Home Machine Learning Google’s Nested Learning: The Brain-Inspired AI That Never Forgets 🧠✨

Machine Learning

Google’s Nested Learning: The Brain-Inspired AI That Never Forgets 🧠✨

December 13, 2025

Author(s): Sai Insights

Originally published on Towards AI.

Google’s Nested Learning: The Brain-Inspired AI That Never Forgets 🧠✨

Discover how Google’s Nested Learning framework, inspired by neuroscience, solves AI’s biggest problem — catastrophic forgetting. Learn about HOPE, multi-frequency memory, and the future of continual learning in deep learning models.

Have you ever wondered why your brain can learn something new without completely forgetting what you learned yesterday? Meanwhile, AI models struggle with this exact problem. 😅

Google just dropped something fascinating at NeurIPS 2025 that might change everything. It’s called Nested Learning, and it’s not just another incremental improvement — it’s a complete rethinking of how AI learns.

Let me walk you through what makes this so special.

The Problem: AI Has Amnesia 🤯

Imagine you trained an AI model on medical data for months. It works beautifully. Then you update it with new information about a recent drug discovery. Suddenly… it forgets half of what it knew before.

This is called catastrophic forgetting, and it’s the Achilles’ heel of modern AI.

Current large language models are essentially frozen after training. Sure, they can use information within their context window (like what you tell them in a conversation), but they can’t actually learn new things and retain them long-term. It’s like having anterograde amnesia — you can remember your past but can’t form new permanent memories.

Figure 1: The uniform and reusable structure as well as multi time scale update in the brain are the key components to unlock the continual learning in humans. Nested Learning (NL) allows for multi time-scale update for each component of the brain, while showing that well-known architectures such as Transformers are in fact linear layers with different frequency updates.

The Google Research team draws a powerful parallel: today’s models behave like people with anterograde amnesia, able to retain old memories but unable to form new long-term ones. They process information within a limited window, but once that window ends, no new knowledge actually sticks.

What Jensen Huang Knew All Along 💡

Remember when Nvidia’s CEO Jensen Huang said he’d study physics if he were 22 today? Not computer science — physics.

At first, that seemed weird.

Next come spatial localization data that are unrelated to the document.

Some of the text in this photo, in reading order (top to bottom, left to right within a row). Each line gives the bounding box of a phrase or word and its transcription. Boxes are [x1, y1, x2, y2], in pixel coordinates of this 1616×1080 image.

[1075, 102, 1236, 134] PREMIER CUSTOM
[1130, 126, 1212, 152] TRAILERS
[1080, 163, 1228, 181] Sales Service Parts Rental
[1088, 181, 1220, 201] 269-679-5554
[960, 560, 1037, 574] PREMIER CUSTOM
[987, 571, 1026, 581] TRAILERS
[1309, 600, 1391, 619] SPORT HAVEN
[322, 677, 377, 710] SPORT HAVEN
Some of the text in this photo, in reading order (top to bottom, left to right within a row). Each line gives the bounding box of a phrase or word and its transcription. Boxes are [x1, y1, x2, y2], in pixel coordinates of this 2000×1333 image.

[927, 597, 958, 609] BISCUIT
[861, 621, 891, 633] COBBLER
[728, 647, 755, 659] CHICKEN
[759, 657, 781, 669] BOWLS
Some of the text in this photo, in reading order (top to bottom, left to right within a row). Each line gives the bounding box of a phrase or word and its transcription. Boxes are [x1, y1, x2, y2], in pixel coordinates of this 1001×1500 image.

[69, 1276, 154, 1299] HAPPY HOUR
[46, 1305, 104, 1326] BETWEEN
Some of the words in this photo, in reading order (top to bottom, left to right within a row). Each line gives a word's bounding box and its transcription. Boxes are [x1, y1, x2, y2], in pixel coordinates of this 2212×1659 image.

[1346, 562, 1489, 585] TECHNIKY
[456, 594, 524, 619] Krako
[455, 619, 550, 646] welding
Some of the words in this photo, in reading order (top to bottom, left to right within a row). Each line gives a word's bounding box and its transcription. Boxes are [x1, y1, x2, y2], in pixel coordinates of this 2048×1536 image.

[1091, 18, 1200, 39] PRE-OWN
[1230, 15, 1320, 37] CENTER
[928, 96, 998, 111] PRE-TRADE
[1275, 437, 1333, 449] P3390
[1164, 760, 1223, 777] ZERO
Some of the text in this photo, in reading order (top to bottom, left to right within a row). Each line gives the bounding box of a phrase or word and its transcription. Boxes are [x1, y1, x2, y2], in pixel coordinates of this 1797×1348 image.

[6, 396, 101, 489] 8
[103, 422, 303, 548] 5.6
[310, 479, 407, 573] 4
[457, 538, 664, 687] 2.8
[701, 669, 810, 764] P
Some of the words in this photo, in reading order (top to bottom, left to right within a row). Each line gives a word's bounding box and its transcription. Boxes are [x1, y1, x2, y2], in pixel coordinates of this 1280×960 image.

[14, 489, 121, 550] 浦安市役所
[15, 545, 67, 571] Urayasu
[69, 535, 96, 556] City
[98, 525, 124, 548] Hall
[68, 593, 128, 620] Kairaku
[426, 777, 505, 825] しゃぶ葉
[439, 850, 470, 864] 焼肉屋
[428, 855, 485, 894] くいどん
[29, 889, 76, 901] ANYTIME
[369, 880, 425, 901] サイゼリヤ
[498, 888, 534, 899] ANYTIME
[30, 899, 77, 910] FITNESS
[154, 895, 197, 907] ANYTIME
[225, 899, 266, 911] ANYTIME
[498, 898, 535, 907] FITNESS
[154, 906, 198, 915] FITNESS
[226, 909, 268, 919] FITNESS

But here’s the thing: the next breakthrough in AI won’t come from software alone but from truly understanding the physical world, including how our brains actually work.

And Google’s Nested Learning proves he was onto something.

How Your Brain Actually Learns (And Why AI Doesn’t) 🔬

Let’s talk neuroscience for a second — but don’t worry, I’ll keep it simple.

Your brain doesn’t operate at one speed. Different parts update at different rates:

Gamma waves (30–150 Hz): Handle rapid sensory processing — what you’re seeing right now
Beta waves (13–30 Hz): Active thinking and problem-solving
Theta/Delta waves (0.5–8 Hz): Memory consolidation during sleep

Think of it like this: Your brain has a multi-lane highway where some information zooms by at 100 mph (immediate reactions), while other information travels slowly at 10 mph (deep, long-term learning).

Current AI models? They’re stuck in one lane, one speed. Everything updates at the same rate during training, then nothing updates afterward.

What Is Nested Learning? The Big Idea 🎯

Here’s where it gets exciting.

Instead of treating a neural network as one giant block that learns all at once, Nested Learning views it as a collection of nested optimization problems, each running at its own speed.

Think of it like Russian nesting dolls, but each doll is learning independently:

Level 1 (Fast): Learns from immediate context — like answering your current question
Level 2 (Medium): Learns your conversational patterns and style
Level 3 (Slow): Stores stable knowledge like grammar rules and facts

When you fine-tune the model on something new (say, finance), the fast inner level adapts quickly, but the slow outer levels stay stable. So it learns new things without forgetting old ones. 🎉

Figure 3: An example of comparing a FFN (e.g., MLP) with linear attention in a Transformer-based backbone, optimizing with gradient descent. The red components are blocks in the first level (with frequency 1), while blue components are blocks in the second level (frequency 𝐿). Linear attention with learnable initial memory state (referred to as Linear Attention++) is the same as an MLP layer but with in-context learning ability and adaptation to the input sequence.

☕ Hey! Are you finding this useful?

If this deep dive is making those neural pathways fire up and you’re finding value in the breakdown, I’d genuinely appreciate it if you could buy me a coffee. These research deep-dives take hours to craft, and your support helps me keep exploring and explaining the cutting edge of AI. No pressure though — bookmark this and come back anytime! 🙏

The Math Made Simple

Okay, I promise to keep this beginner-friendly. Here’s the core idea:

Traditional training: You have one objective function, one optimization process. Everyone marches to the same drum.

Nested Learning: You have multiple optimization problems, each with its own:

Context flow: The data it’s learning from (could be tokens, gradients, or anything)
Update frequency: How often it changes
Learning objective: What it’s trying to optimize

Each “level” is basically an associative memory — it learns to map inputs to outputs. But here’s the magic: existing deep learning methods learn from data through compressing their own context flow.

Three Game-Changing Innovations 🚀

Google’s paper introduces three major breakthroughs:

1. Deep Optimizers: Learning How to Learn

Remember Adam, SGD, those optimizer algorithms? Turns out they’re secretly associative memories that compress gradients.

Here’s what that means in plain English: When training a model, the optimizer doesn’t just mindlessly update weights. It’s actually learning patterns in how the model should change. But current optimizers (like Adam) are pretty simple — they just average recent changes.

Nested Learning shows we can make optimizers much smarter. Instead of a simple average, use a deep neural network as the optimizer itself. It can:

Remember which changes worked long ago
Adapt its learning strategy based on what it’s seen
Handle complex scenarios like learning multiple unrelated tasks

Think of it like this: Instead of following a fixed recipe, the optimizer becomes a chef that improvises based on everything it’s cooked before.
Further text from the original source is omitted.